仍然以之前抓取豆瓣电影Top250为例。

    首先在MySQL的test数据库中创建数据表:

    1. CREATE TABLE `douban_videos` (
    2. `id` int(11) NOT NULL AUTO_INCREMENT,
    3. `title` varchar(255) DEFAULT NULL,
    4. `detail_page_url` varchar(255) DEFAULT NULL,
    5. `star` varchar(255) DEFAULT NULL,
    6. `pic_url` varchar(255) DEFAULT NULL,
    7. PRIMARY KEY (`id`)
    8. ) ENGINE=InnoDB DEFAULT CHARSET=utf8;

    爬虫程序跟之前抓取豆瓣电影保存到纯文本文件一致:

    # -*- coding: utf-8 -*-
    import scrapy
    from douban_mysql.items import DoubanMysqlItem
    
    
    class Top250Spider(scrapy.Spider):
        name = 'top250'
        allowed_domains = ['movie.douban.com']
        start_urls = ['https://movie.douban.com/top250/']
    
        def parse(self, response):
            doubanItem = DoubanMysqlItem()
            items = response.xpath('//div[@class="item"]')
            for item in items:
                title = item.xpath('.//span[@class="title"]/text()').extract_first()
                detail_page_url = item.xpath('./div[@class="pic"]/a/@href').extract_first()
                star = item.xpath('.//span[@class="rating_num"]/text()').extract_first()
                pic_url = item.xpath('./div[@class="pic"]/a/img/@src').extract_first()
                doubanItem['title'] = title
                doubanItem['detail_page_url'] = detail_page_url
                doubanItem['star'] = star
                doubanItem['pic_url'] = pic_url
                yield doubanItem
    
            next = response.xpath('//div[@class="paginator"]//span[@class="next"]/a/@href').extract_first()
            if next is not None:
                next = response.urljoin(next)
                yield scrapy.Request(next, callback=self.parse)
    

    提取的item也一致:

    # -*- coding: utf-8 -*-
    import scrapy
    
    
    class DoubanMysqlItem(scrapy.Item):
        title = scrapy.Field()
        detail_page_url = scrapy.Field()
        star = scrapy.Field()
        pic_url = scrapy.Field()
    

    配置也一致:

    USER_AGENT = 'Mozilla/5.0 (Windows NT 6.1; WOW64) AppleWebKit/537.36 (KHTML, like Gecko) Chrome/55.0.2883.87 Safari/537.36'
    
    ROBOTSTXT_OBEY = False
    
    # 启动图片下载中间件
    ITEM_PIPELINES = {
       'douban_mysql.pipelines.DoubanMysqlPipeline': 300,
    }
    

    唯一需要改变的就是Pipeline。

    连接数据库, 我们需要使用到 pymysql 模块, 使用 pip install pymysql 进行安装。

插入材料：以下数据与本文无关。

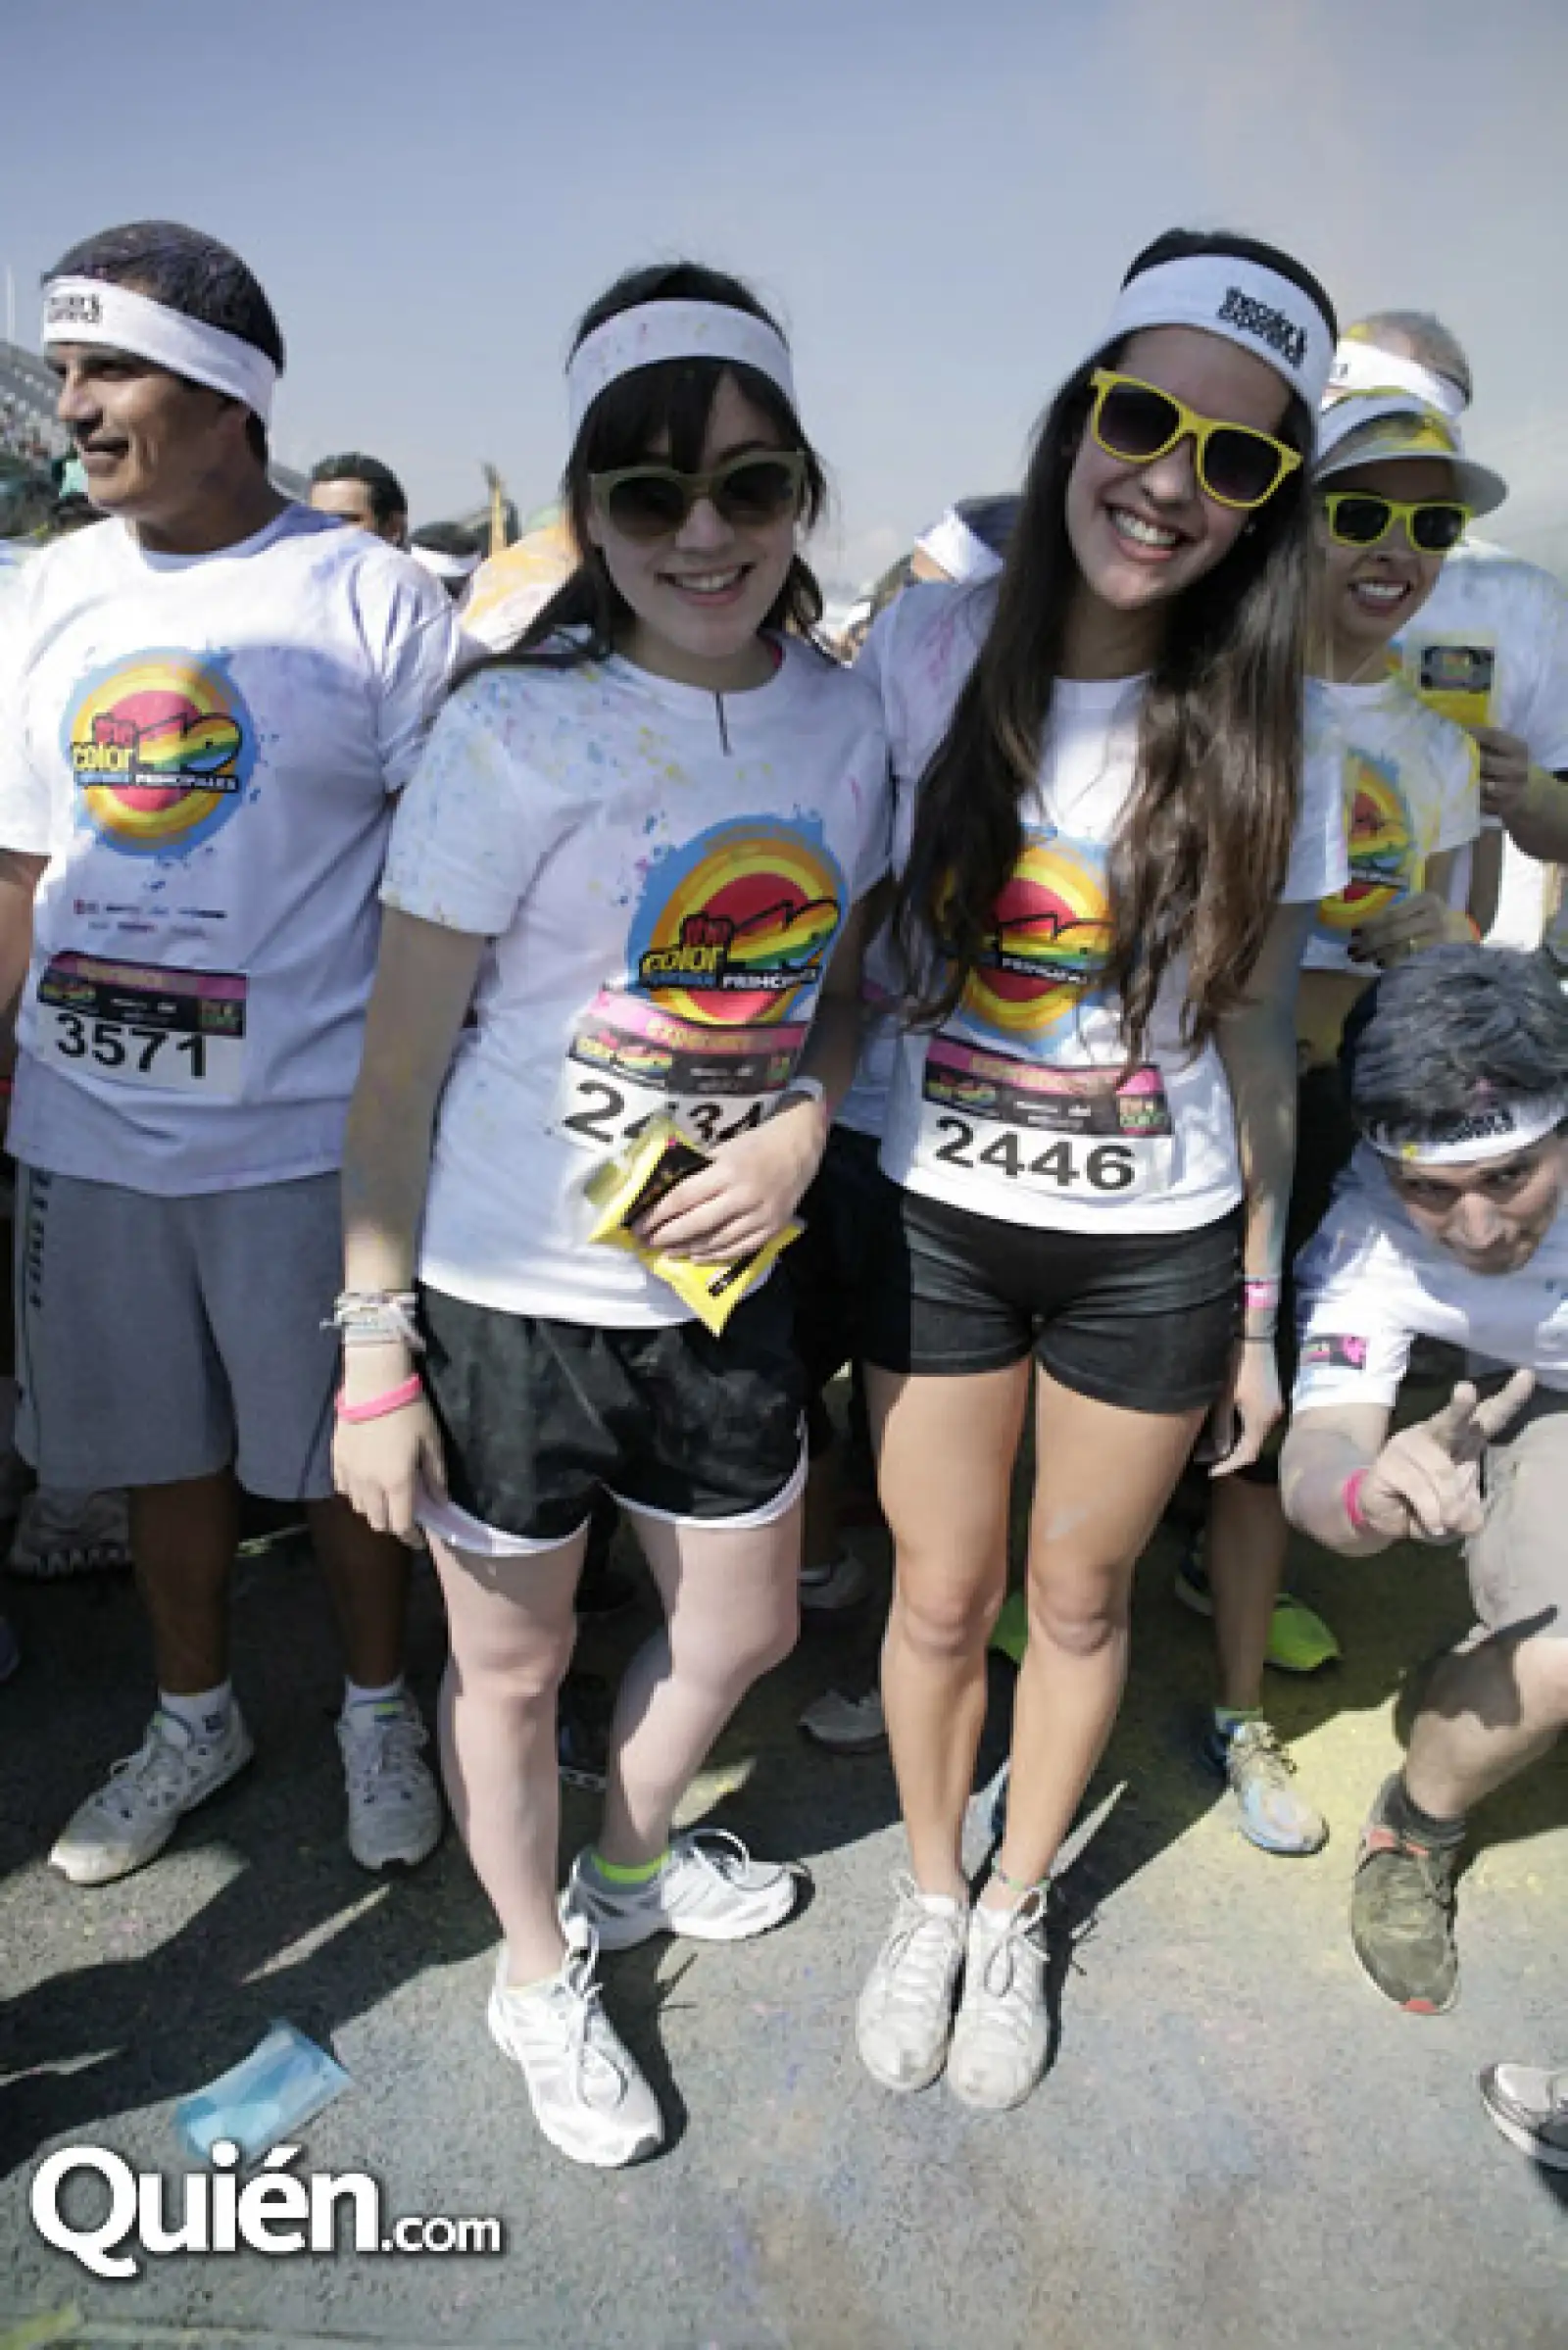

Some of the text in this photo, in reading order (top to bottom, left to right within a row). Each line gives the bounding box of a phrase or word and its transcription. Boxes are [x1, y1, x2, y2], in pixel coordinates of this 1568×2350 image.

    数据库连接的初识化, 放于管道类的 __init__ 中, 并将游标保存。

    process_item 方法中, 使用初始化时创建的游标进行数据库操作。

    # -*- coding: utf-8 -*-
    import pymysql.cursors
    
    
    class DoubanMysqlPipeline(object):
        def __init__(self):
            # 连接数据库
            self.connect = pymysql.connect(
                host='127.0.0.1',  # 数据库地址
                port=3306,  # 数据库端口
                db='test',  # 数据库名
                user='root',  # 数据库用户名
                passwd='root',  # 数据库密码
                charset='utf8',  # 编码方式
                use_unicode=True)
    
            # 通过cursor执行增删查改
            self.cursor = self.connect.cursor()
    
            # 如果没有则创建表
            self.cursor.execute("""
                CREATE TABLE IF NOT EXISTS `douban_videos` (
                  `id` int(11) NOT NULL AUTO_INCREMENT,
                  `title` varchar(255) DEFAULT NULL,
                  `detail_page_url` varchar(255) DEFAULT NULL,
                  `star` varchar(255) DEFAULT NULL,
                  `pic_url` varchar(255) DEFAULT NULL,
                  PRIMARY KEY (`id`)
                ) ENGINE=InnoDB DEFAULT CHARSET=utf8;
            """)
    
        def process_item(self, item, spider):
            # 检查是否已经存在数据
            value = self.cursor.execute(
                """
                select title from douban_videos where title=%s
                """, item['title']
            )
    
            if value == 0:
                self.cursor.execute(
                    """
                    insert into douban_videos(title, detail_page_url, star, pic_url ) value (%s, %s, %s, %s)
                    """,
                    (item['title'], item['detail_page_url'], item['star'], item['pic_url']))
                # 提交sql语句
                self.connect.commit()
    
            return item
    

    ok,执行爬虫程序,可以看到豆瓣电影top250的信息都已经存储到数据库了:

    📃 获取数据并保存到MySQL - 图1